Let’s get to the obvious question - how do we determine and trade different market directions?
Markets generally follow cycles, there are bull markets that last for perhaps one to three or more years, then there is a correction/consolidation that lasts for maybe 6 to 18 months, and then the cycle often repeats. Occasionally there are periods of decline or bear markets that take the market down violently, as it happened in the dot com period, the great financial crisis, and more recently during the pandemic.
There are several ways to determine the market direction. One can follow the Dow theory which we discussed in one of our previous videos. The theory when applied to the index, is arguably the most accurate way to conclude the direction of the market, however this approach alone can be lagging and perhaps not the most efficient approach for a trader.
In essence, the theory says that the market is in an uptrend if it makes higher highs and higher lows. For example in this chart showing the S&P500 index, the bull run started in 2020, the uptrend was only confirmed when the market surpassed its previous swing high after making a higher low.
Similarly, downtrends or bear markets are characterized by lower highs and lower lows, as can be seen in the recent downtrend in the S&P 500 during 2022.
The problem is however that the high and low analysis is done in retrospect.
Though Dow theory is the easiest way to determine the market direction, traders take several other routes to find the state of the markets. Some of them are quite complicated, relying on too much data, whilst some of them give too many false signals leading to high portfolio churn. The Dow Theory however is a solid starting point.
In one of our recent videos we showed how the 10 and 20 Exponential Moving Average Crossover has become the foundation of our strategy. When used in conjunction with the S&P 500 index it has proven to be highly predictive of market trend, and for us, the optimal tool to adapt our trading strategy. In fact, had we completed the analysis prior to the 2022 market decline we would have eliminated losses almost entirely. Rather than discuss the detail in this video I highly recommend you taking a look.
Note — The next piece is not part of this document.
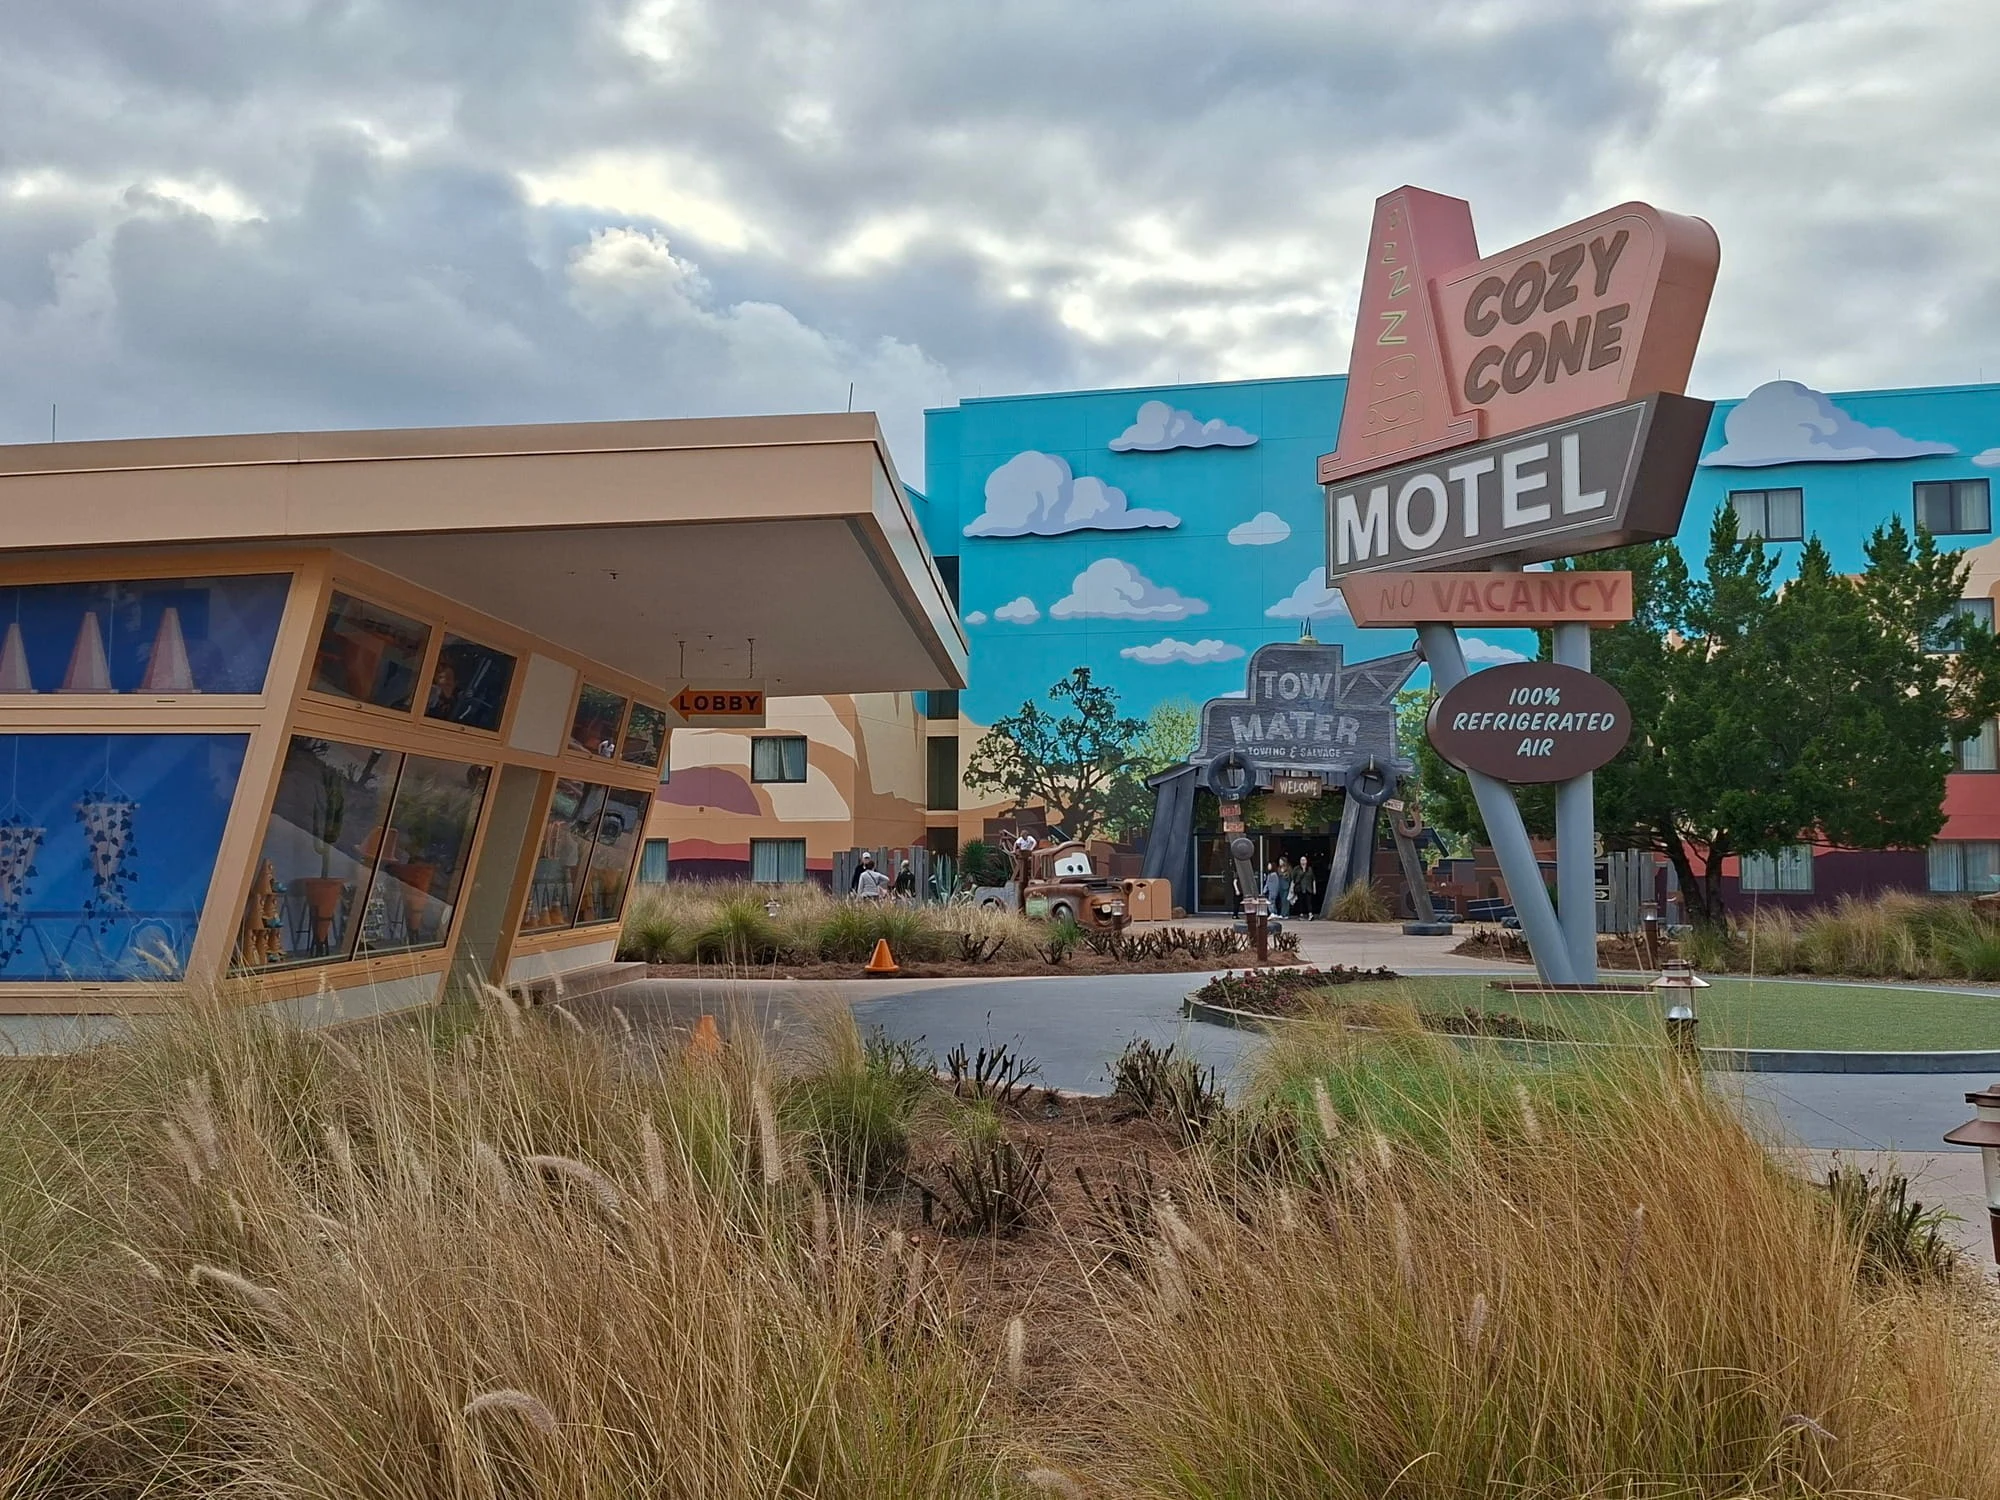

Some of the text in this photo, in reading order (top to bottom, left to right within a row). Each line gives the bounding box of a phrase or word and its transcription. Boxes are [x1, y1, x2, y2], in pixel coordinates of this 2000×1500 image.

Another way to determine the market direction is to look at your own recent trading statistics. If your recent win rate has declined significantly in the last batch of trades, perhaps it’s because the entire market is choppy and not conducive to your approach. If however your trade success rate has improved significantly, then it is an indication that the market is perhaps healthier.
The adaptive approach to position management, based on trading performance is something I apply through the use of the Kelly Criterion method, in which my position sizes will change in accordance to my trade statistics, which again is more often than not a direct correlation of the broader market direction. Again, it is another video I suggest watching.
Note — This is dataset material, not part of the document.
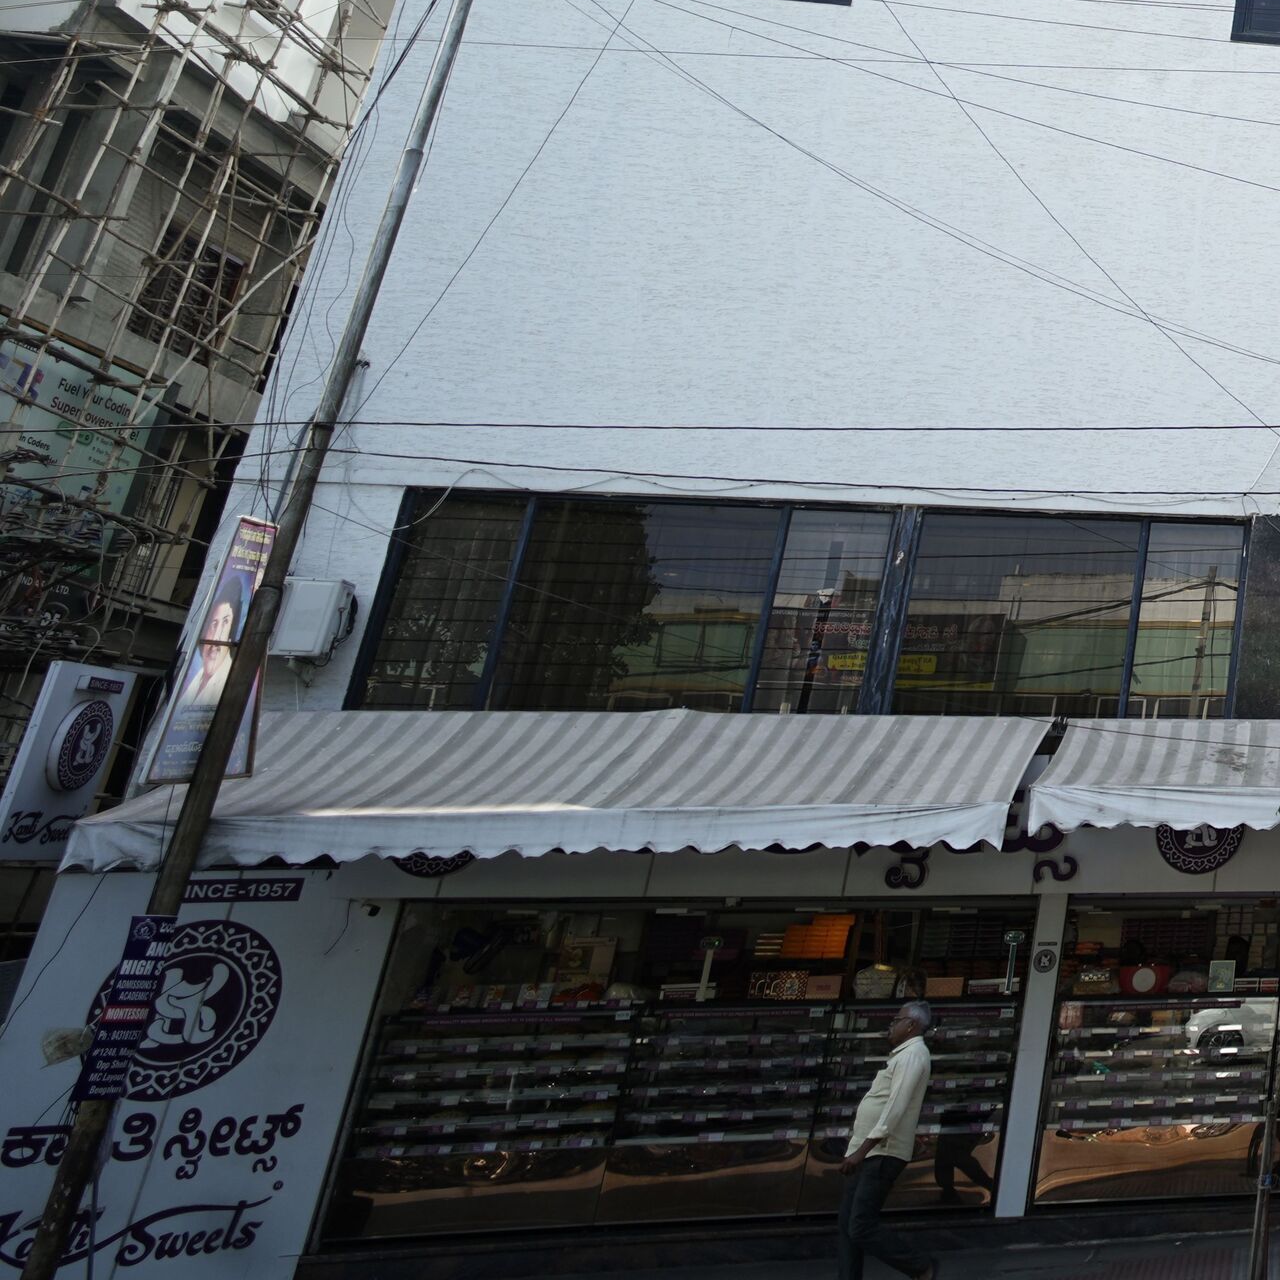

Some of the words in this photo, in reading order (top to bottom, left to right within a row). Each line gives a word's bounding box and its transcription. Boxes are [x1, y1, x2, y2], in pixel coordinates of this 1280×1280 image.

The 10 & 20 EMA strategy and the Kelly Criterion position management approach can not only be objectively predictive of the market direction, but also reactive in terms of adapting your strategy accordingly. Ultimately, we only apply the approach in alignment to market direction in combination with the appropriate position size, by doing so we improve win rate probability and overall equity profile.
I preach the importance of discipline regarding the rules within a strategy, and this becomes even more important when the market becomes hostile. Losses can pile up quickly without objective rules, whether that is the setup, position size or market direction.
Many traders become emotional and start trading irresponsibly or revenge trade to recover lost money, the management of such a situation lies within your mindset, however the route cause to the problem is to not allow those losses to build up, often a result of not trading in the direction of the overall market direction and with too much position size.
When your trading stats or market direction analysis suggests a non-conducive environment, you must adapt your strategy accordingly. That’s how you become a more mature and profitable trader.